The other astronomers turned them into something none of us had ever been before: shapeless. My mother held me close as one of them walked up to us. The way she held me, it reminded me of my favourite shape – love – so I went to sleep. When I woke up, the astronomers and their formless vessel had disappeared. I also had a house to call my own.
Everywhere I have my eyes wander, I see you. Well, not you in full corporeality. That’d be strange and it’d hold implications to how powerful you really are. I guess it’s more that you’ve left little pieces of yourself all around. Again, not literally; your body’s all intact. I made sure of that.
I notice you when I’m in my garden. Flowers are the only things I care about. Colours, aromas, life – they provide everything I need. I need to stay grounded, reminded of here. Your name is a flower. You said you loved the pink ones the most. You asked me what they were called, and I didn’t know. Neither does the flower. I don’t want to give it a name it won’t like. I was given a name I don’t like. You touched the flower and it left some of itself on you. You left some of yourself, too. I don’t go to my garden anymore.

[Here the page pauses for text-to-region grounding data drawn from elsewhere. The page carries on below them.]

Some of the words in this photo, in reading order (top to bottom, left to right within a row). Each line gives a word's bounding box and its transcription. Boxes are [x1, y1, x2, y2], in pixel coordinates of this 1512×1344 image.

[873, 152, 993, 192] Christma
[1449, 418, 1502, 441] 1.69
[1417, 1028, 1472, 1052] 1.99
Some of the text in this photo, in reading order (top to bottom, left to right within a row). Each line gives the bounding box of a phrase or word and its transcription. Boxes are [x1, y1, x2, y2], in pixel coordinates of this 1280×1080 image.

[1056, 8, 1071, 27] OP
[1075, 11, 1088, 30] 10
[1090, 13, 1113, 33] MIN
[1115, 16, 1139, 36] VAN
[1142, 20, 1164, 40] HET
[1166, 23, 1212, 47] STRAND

I notice you when I’m at my beach. I had grown up there. I spent whole seasons throwing pebbles into the water. I was afraid of water, of what it might do to me. I still am. Drowning isn’t like in the movies. It’s a peaceful, solemn process, without resistance. I’d hate to have died like that. You and I met here. I was surprised you could see me, weren’t afraid of me. I showed you all the places I could remember where I once stood. We threw pebbles at the sea together. We left in the evening; you left footprints where you trod. I didn’t. The tides washed away those marks of you, but I know they were there once. They still are, in a way. I don’t go to my beach anymore.

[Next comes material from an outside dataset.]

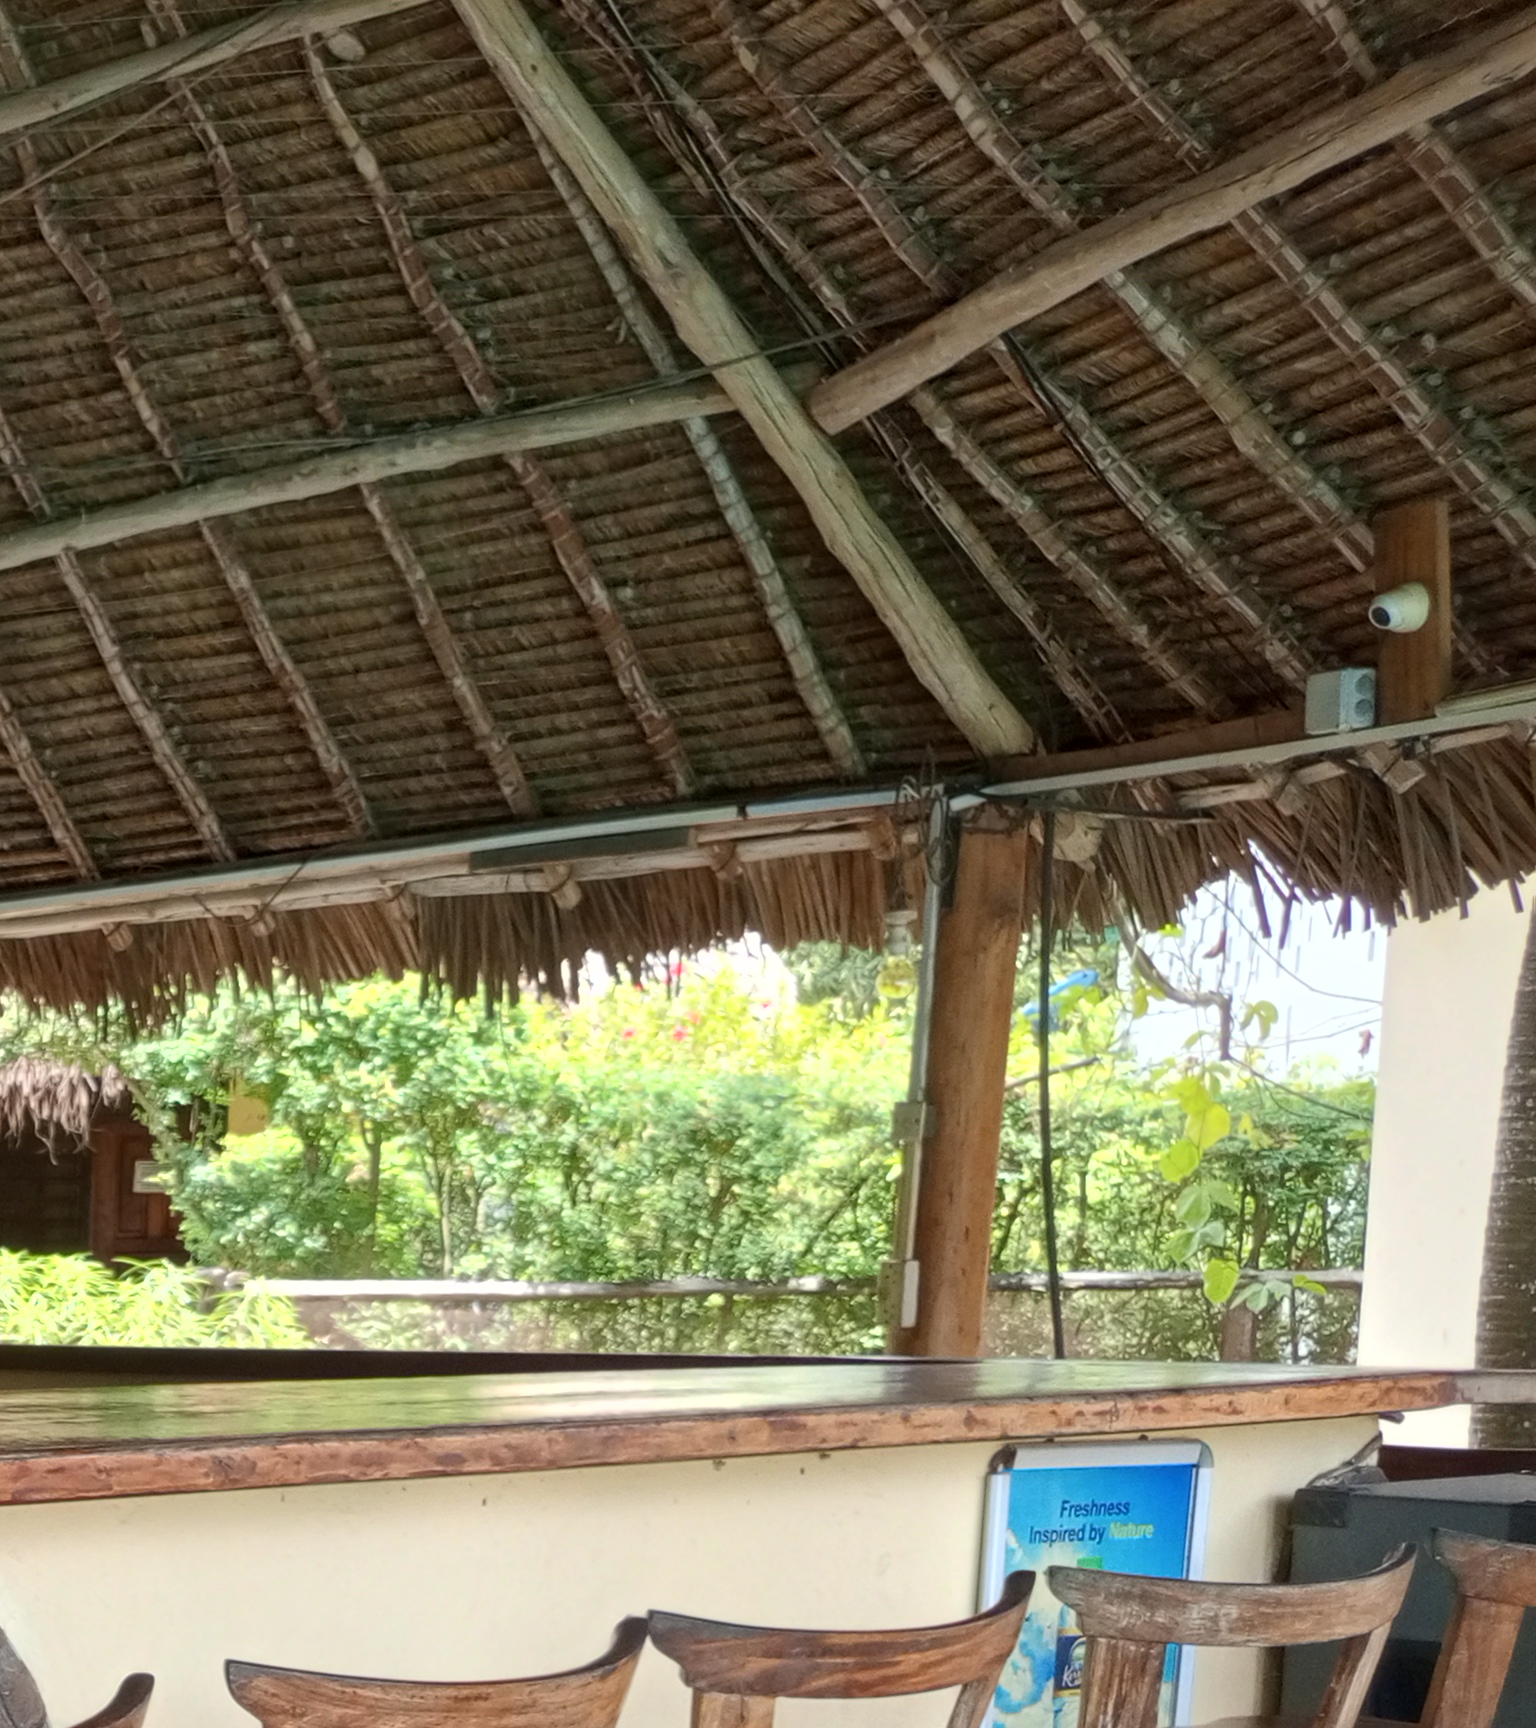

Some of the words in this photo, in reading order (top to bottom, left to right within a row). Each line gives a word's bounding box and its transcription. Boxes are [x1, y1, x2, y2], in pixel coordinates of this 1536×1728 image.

[1059, 1499, 1131, 1518] Freshness
[1029, 1523, 1085, 1548] Inspired
[1088, 1523, 1107, 1545] by
[1109, 1521, 1155, 1540] Nature

I notice you when I’m in my home. I don’t know how long I’ve been here for, or how long you’ve been here for. You asked me about my birthday once. I think I’ve had 32, but I stopped counting after that. You said you were spending your birthday with me. I liked that. We sat near a tombstone engraved with a name I don’t like, and you ate the cakes you’d brought. I don’t eat. A breeze did wonders to how your hair looked for a short while. You left your basket here, and that was the last time you left a trace. I don’t go to my home anymore; it is our home now.
I still take care of you. Every day, I pick pink flowers from our garden and gather pebbles from our beach. I place them in our home, arranged in patterns we like. Your grave looks the nicest, I made sure of that. Everywhere I have my eyes wander, I see traces, reminding me that all of you is right here.